The training loss is the mean squared error between the true noise and the predicted noise, averaged over random timesteps and random noise draws:

\[\mathcal{L}_{\text{simple}} = \mathbb{E}_{t,\, x_0,\, \epsilon}\!\left[\lVert \epsilon - \epsilon_\theta(x_t, t) \rVert^2\right]\]

The training procedure for a single batch is:

Draw a batch of clean data \(x_0\).
Sample random timesteps \(t \sim \mathrm{Uniform}\{1, \ldots, T\}\).
Sample random noise \(\epsilon \sim \mathcal{N}(0, I)\).
Compute noisy data \(x_t = \sqrt{\bar{\alpha}_t}\, x_0 + \sqrt{1 - \bar{\alpha}_t}\, \epsilon\).
Predict \(\hat{\epsilon} = \epsilon_\theta(x_t, t)\).
Minimize \(\lVert \epsilon - \hat{\epsilon} \rVert^2\).

def diffusion_training_loss(model: nn.Module, x0: torch.Tensor,
                            schedule: DiffusionSchedule) -> torch.Tensor:
    """Compute the simplified diffusion training loss (noise prediction MSE).

    Args:
        model: noise prediction network, takes (x_t, t) -> predicted noise
        x0: clean data batch, shape [batch, ...]
        schedule: DiffusionSchedule with precomputed quantities
    """
    batch_size = x0.size(0)

    # Step 1: sample random timesteps for each example
    t = torch.randint(0, schedule.T, (batch_size,), device=x0.device)

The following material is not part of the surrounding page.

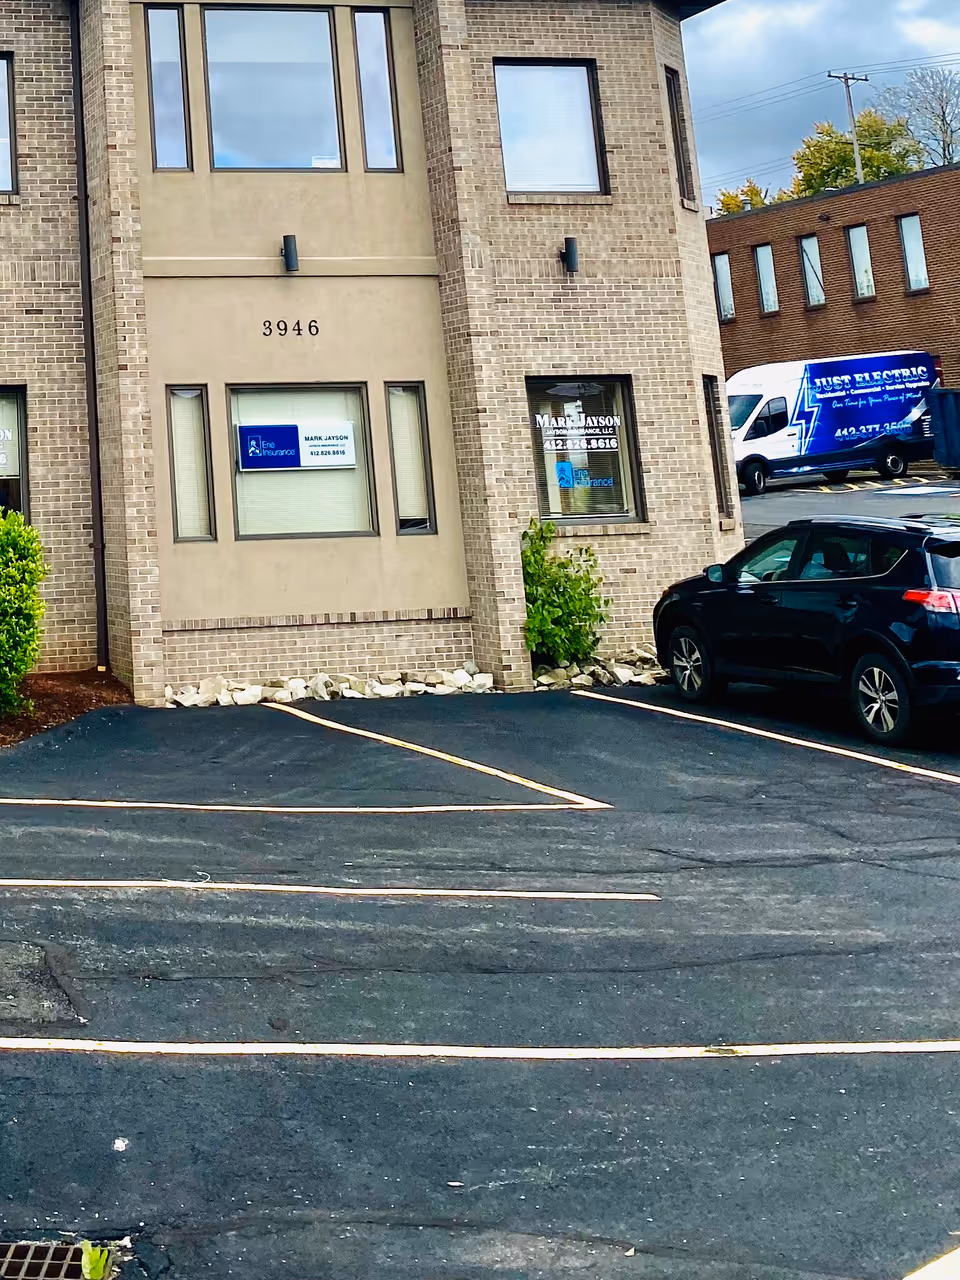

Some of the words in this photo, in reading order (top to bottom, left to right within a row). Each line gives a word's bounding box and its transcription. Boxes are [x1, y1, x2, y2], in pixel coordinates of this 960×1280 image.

    # Step 2: sample Gaussian noise
    noise = torch.randn_like(x0)

    # Step 3: compute noisy version x_t
    x_t = schedule.add_noise(x0, t, noise)

    # Step 4: predict the noise
    noise_pred = model(x_t, t)

    # Step 5: MSE between true and predicted noise
    return nn.functional.mse_loss(noise_pred, noise)

This objective has a deep connection to denoising score matching⁶. The score function \(\nabla_{x} \log p(x)\) points in the direction of increasing data density. Predicting the noise \(\epsilon\) is mathematically equivalent to estimating the score at timestep \(t\), up to a scaling factor. This connection links diffusion models to the broader framework of score-based generative modeling (Song and Ermon, 2019).

8. The Denoising Loop and Network Architecture

Generation by Iterative Denoising

flowchart LR
    XT["x_T\n(pure noise)"] --> D1["Denoise\nStep T"]
    D1 --> XTM["x_{T-1}"] --> D2["Denoise\nStep T-1"]
    D2 --> DOTS["..."]
    DOTS --> D3["Denoise\nStep 1"]
    D3 --> X0["x_0\n(generated\nprotein)"]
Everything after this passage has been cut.